Recent maternally transmitted mtDNA mutations associated with retinal diseases
This category refers to true pathology-creating mtDNA mutations that are inherited over recent generations rather than mtDNA adaptation (haplogroups) that occur over tens of thousands of years in response to environmental challenges. Defects or mutations in the mtDNA genes can decrease OXPHOS and ATP production, resulting in energy-deficiency diseases. Tissues that are very metabolically active, such as brain, heart, muscle, retina, kidney, and the endocrine organs, can be significantly affected by these changes. Therefore, many of these patients have not only retinal abnormalities but also neurological, cardiac, metabolic, and skeletal muscle dysfunctions related to damage in these high-energy-requiring organ systems. It is now apparent that patients with mtDNA mutations that cause mitochondrial dysfunction can have a wide range of clinically abnormal ocular and systemic phenotypes.53 Table 32.1 lists mtDNA defects that result in diseases involving the retina and optic nerve. While there are many diseases caused by nuclear gene defects encoding mitochondrial proteins, they are not addressed here but are covered in an excellent review by Yu-Wai-Man and coworkers.54
Somatic mtDNA variations associated with retinal diseases
Mechanisms of mtDNA damage
The hydroxyl radical is most reactive with mtDNA and can produce multiple DNA modifications, such as strand breaks, cleavage of bases from the deoxyribose backbone to form abasic sites, and addition of oxygen to DNA, forming many different mutagenic molecules (e.g., 8-hydroxydeoxyguanosine (8-OHdG) and thymine glycol). Compared with nuclear DNA, mtDNA is particularly susceptible to oxidative damage due in part to its close proximity to the ETC, the major cellular source of ROS. Additionally, mtDNA lacks protective histones and has a limited capacity for repair, which includes only a mechanism for base excision repair.55 Enzymes involved in base excision repair that are present in the mitochondria include glycosylases, endonucleases, and GTPases. Of great importance for ocular tissue, proteins involved in nucleotide excision repair that repair ultraviolet damage are abundant in the nucleus but are absent from the mitochondria.55
The most frequent oxidative damage to mtDNA is 8-hydroxylation/oxidation of a guanine base to 8-OHdG56,57 (Fig. 32.4).

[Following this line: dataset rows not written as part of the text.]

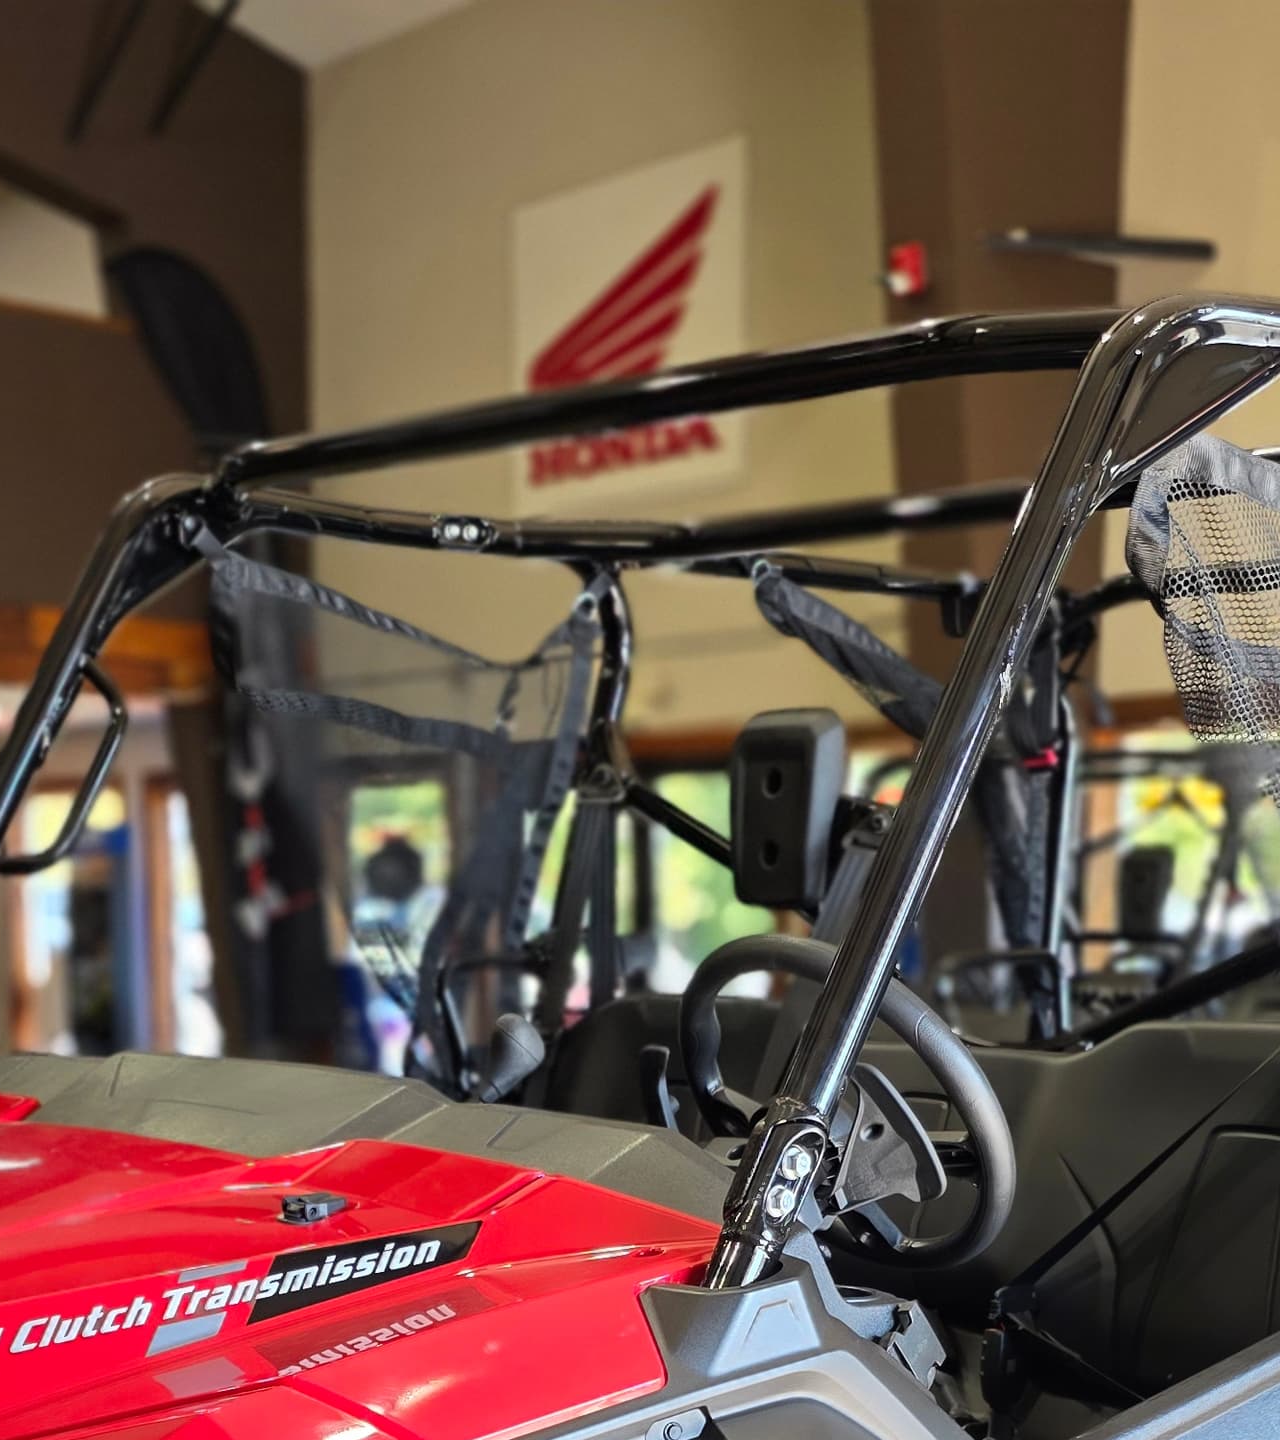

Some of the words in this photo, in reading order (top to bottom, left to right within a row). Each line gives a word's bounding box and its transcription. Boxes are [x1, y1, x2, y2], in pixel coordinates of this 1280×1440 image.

[528, 413, 721, 487] HONDA
[9, 1296, 152, 1354] Clutch
[162, 1239, 441, 1320] Transmission
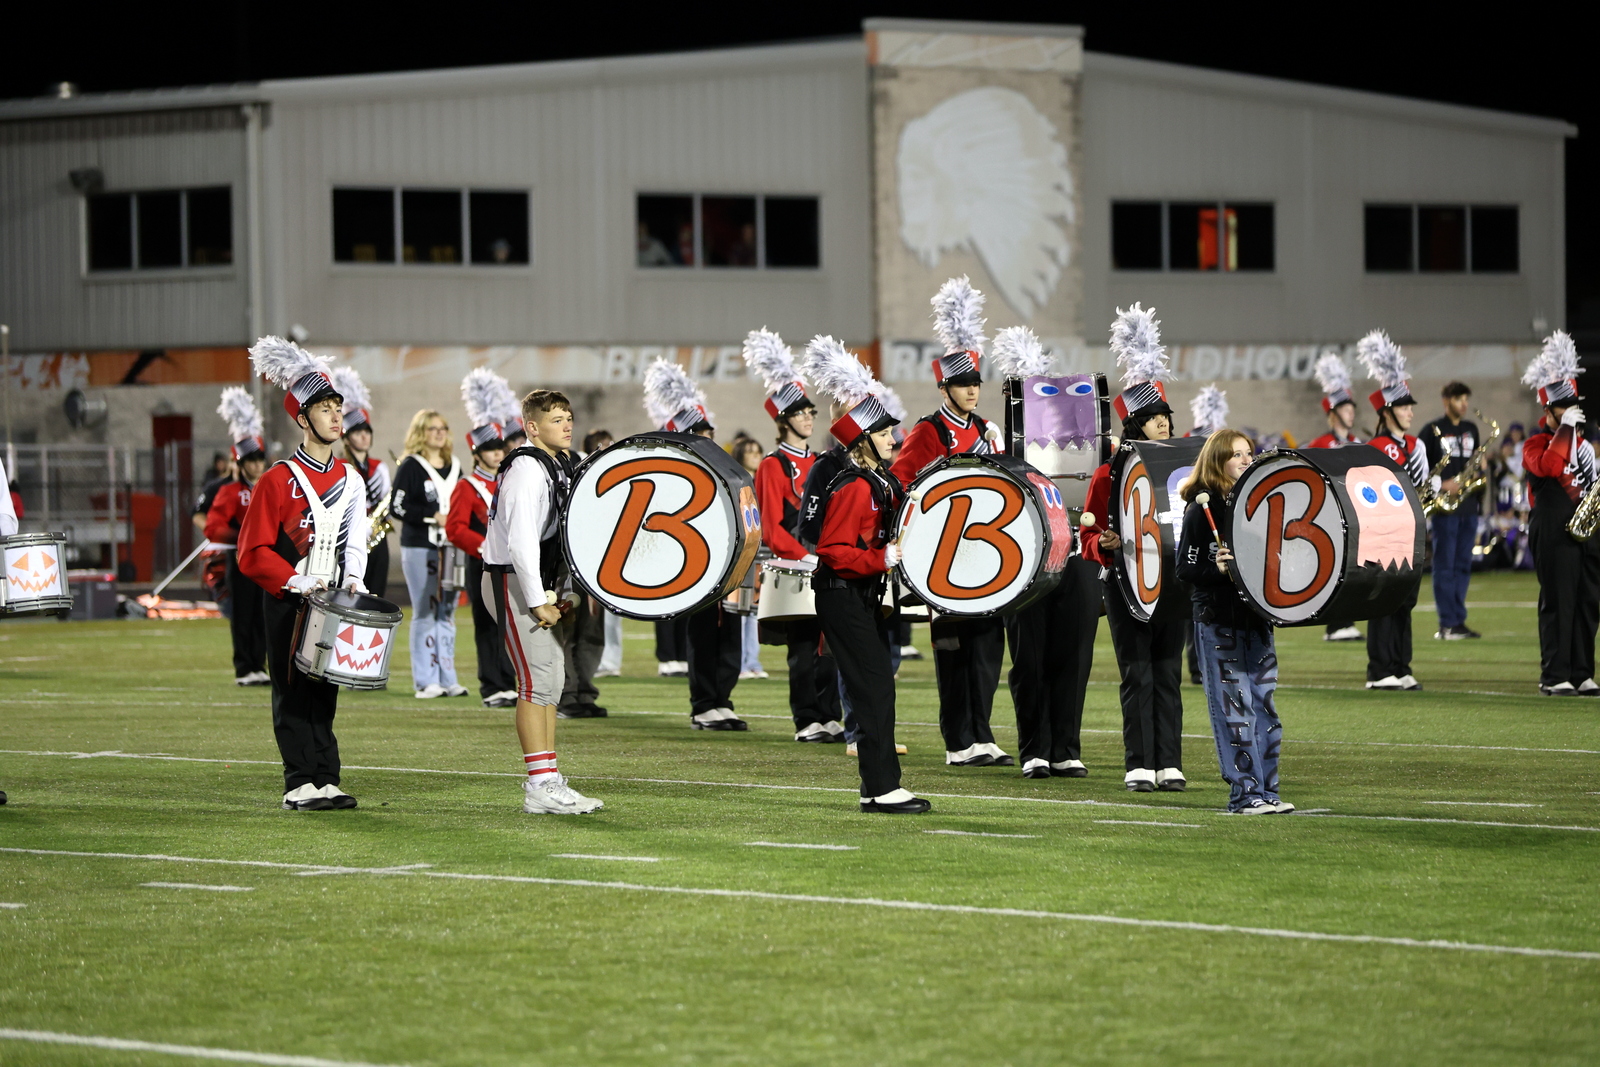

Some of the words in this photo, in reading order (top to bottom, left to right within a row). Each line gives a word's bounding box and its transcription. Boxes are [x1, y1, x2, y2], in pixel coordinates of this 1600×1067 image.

[1384, 443, 1400, 461] B
[596, 457, 717, 600] B
[921, 474, 1025, 600] B
[1123, 461, 1163, 604] B
[1245, 465, 1335, 608] B
[1214, 625, 1260, 798] SENIOR

This oxidative modification is mutagenic because it inhibits methylation and can pair with adenosine (rather than cytosine) during DNA replication leading to a GC to AT conversion, which is the most frequent type of spontaneous mutation. In postmitotic tissue, such as skeletal muscle, neurons, and retina, 8-OHdG accumulates with age and disease.58–60 Abasic sites, which have neither purines (adenine and guanine) nor pyrimidines (cytosine and thymine), are also produced due to DNA damage and can lead to somatic mutations. Thymine is also susceptible to oxidative modification and produces a variety of modified thymines that are mutagenic.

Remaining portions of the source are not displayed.